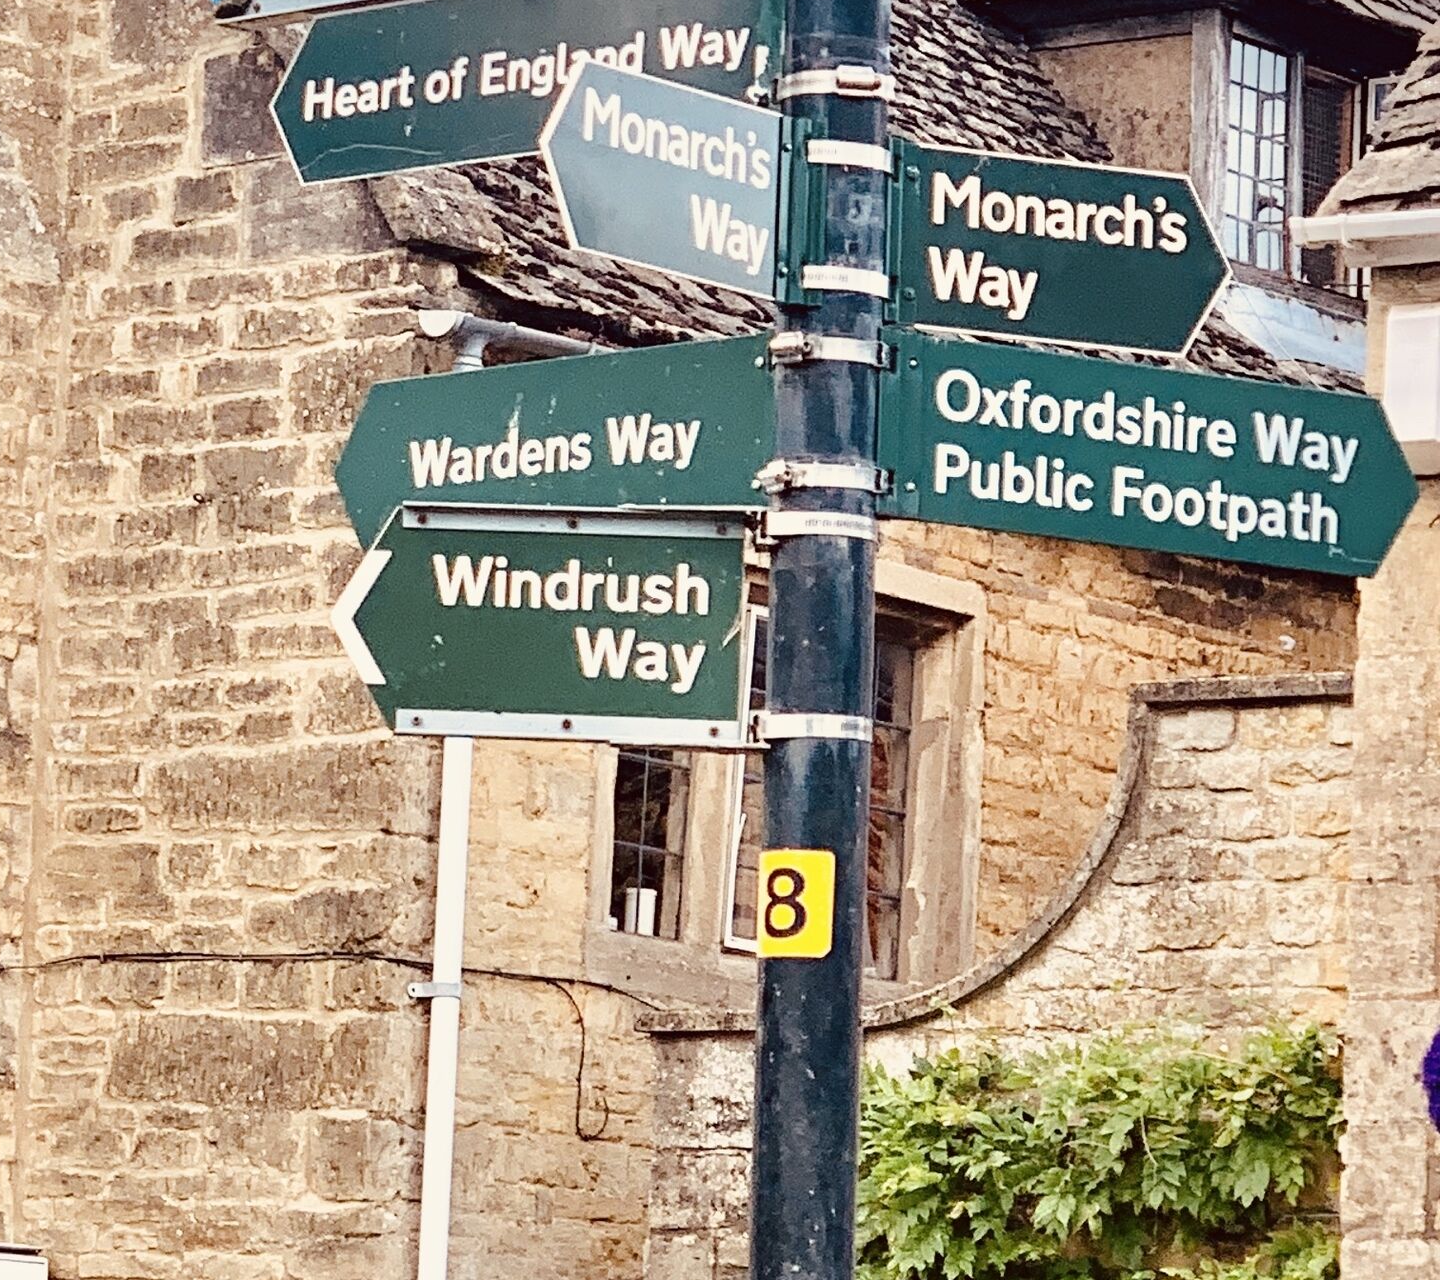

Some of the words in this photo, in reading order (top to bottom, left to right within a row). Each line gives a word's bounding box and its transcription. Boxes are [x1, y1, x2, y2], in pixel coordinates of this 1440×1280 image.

[303, 65, 415, 122] Heart
[425, 57, 468, 104] of
[660, 22, 751, 71] Way
[582, 87, 771, 190] Monarch's
[690, 194, 769, 276] Way
[931, 171, 1187, 254] Monarch's
[927, 246, 1038, 321] Way
[409, 424, 592, 489] Wardens
[606, 412, 701, 470] Way
[934, 369, 1238, 458] Oxfordshire
[1253, 411, 1359, 484] Way
[934, 443, 1094, 510] Public
[1112, 467, 1338, 546] Footpath
[432, 553, 710, 616] Windrush
[574, 626, 706, 694] Way
[764, 867, 807, 939] 8
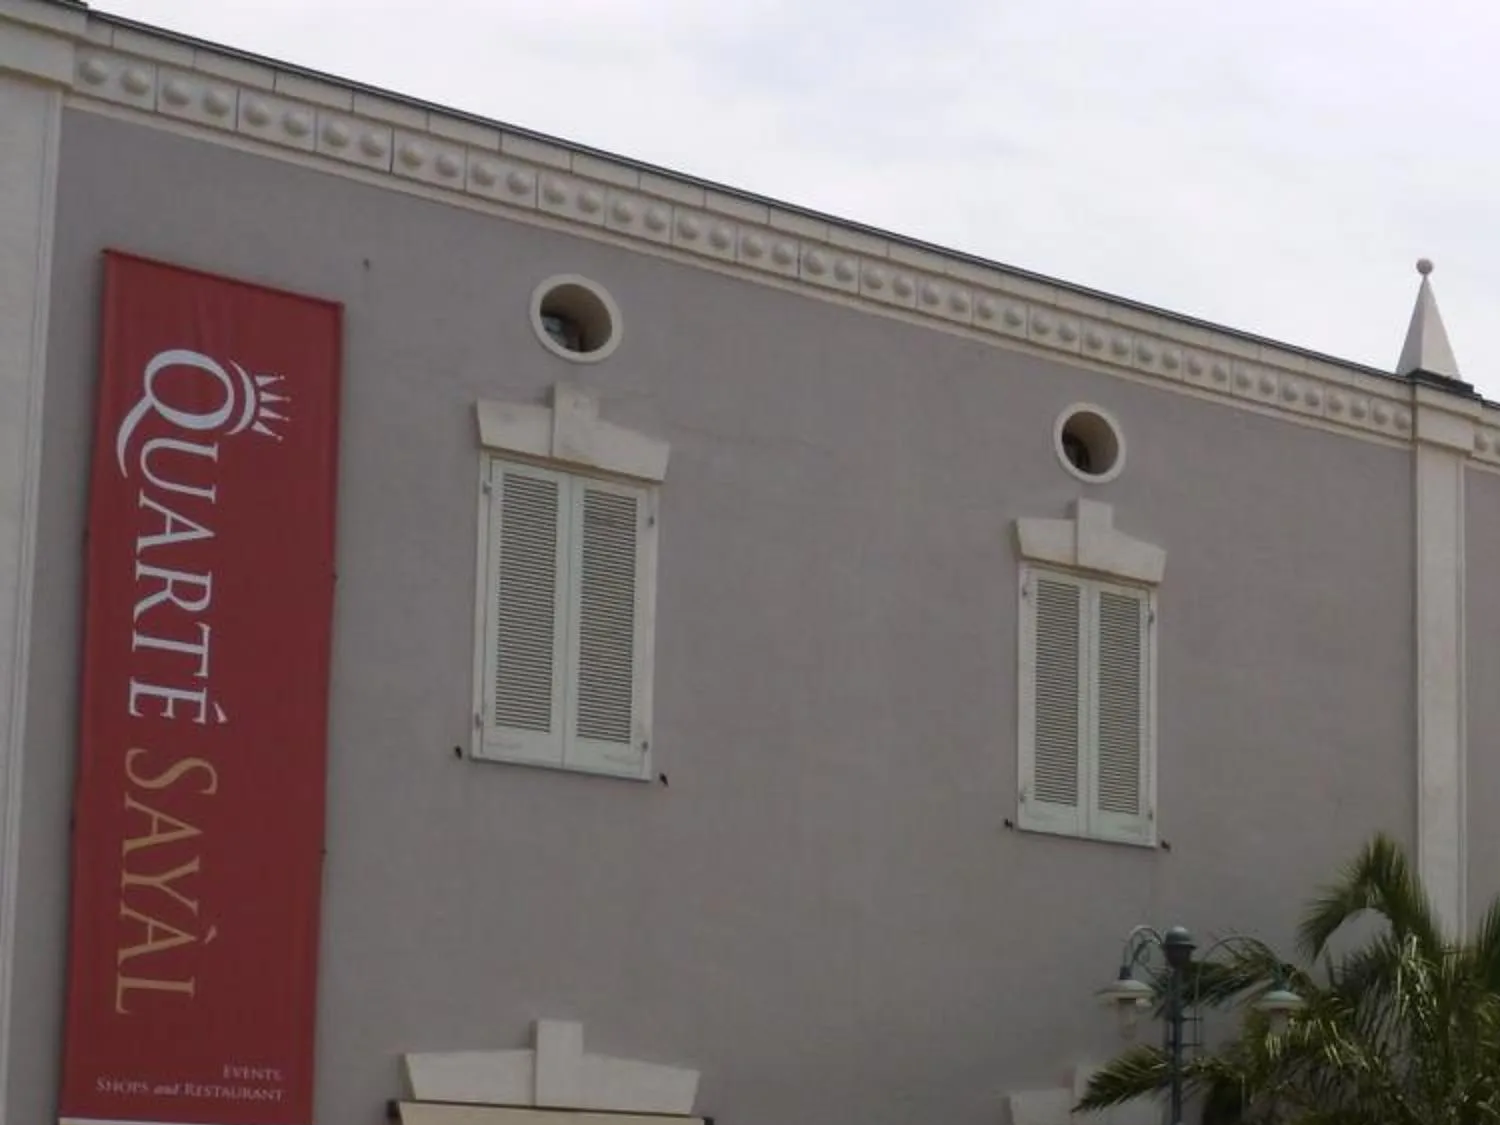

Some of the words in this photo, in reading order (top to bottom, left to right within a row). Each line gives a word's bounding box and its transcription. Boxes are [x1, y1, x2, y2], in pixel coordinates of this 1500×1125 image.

[115, 747, 218, 1014] SAYÀL
[222, 1063, 284, 1081] EVENTS
[96, 1076, 149, 1095] SHOPS
[153, 1083, 180, 1096] and
[184, 1082, 283, 1102] RESTAURANT

EXERCISE GOAL =
Retype the entries exactly, skipping every picture.

EXPECTED ANSWER =
Some of the words in this photo, in reading order (top to bottom, left to right within a row). Each line gives a word's bounding box and its transcription. Boxes are [x1, y1, x2, y2], in pixel coordinates of this 1440×1280 image.

[303, 65, 415, 122] Heart
[425, 57, 468, 104] of
[660, 22, 751, 71] Way
[582, 87, 771, 190] Monarch's
[690, 194, 769, 276] Way
[931, 171, 1187, 254] Monarch's
[927, 246, 1038, 321] Way
[409, 424, 592, 489] Wardens
[606, 412, 701, 470] Way
[934, 369, 1238, 458] Oxfordshire
[1253, 411, 1359, 484] Way
[934, 443, 1094, 510] Public
[1112, 467, 1338, 546] Footpath
[432, 553, 710, 616] Windrush
[574, 626, 706, 694] Way
[764, 867, 807, 939] 8

Some of the words in this photo, in reading order (top to bottom, left to right within a row). Each line gives a word's bounding box and its transcription. Boxes are [x1, y1, x2, y2], in pixel coordinates of this 1500×1125 image.

[115, 747, 218, 1014] SAYÀL
[222, 1063, 284, 1081] EVENTS
[96, 1076, 149, 1095] SHOPS
[153, 1083, 180, 1096] and
[184, 1082, 283, 1102] RESTAURANT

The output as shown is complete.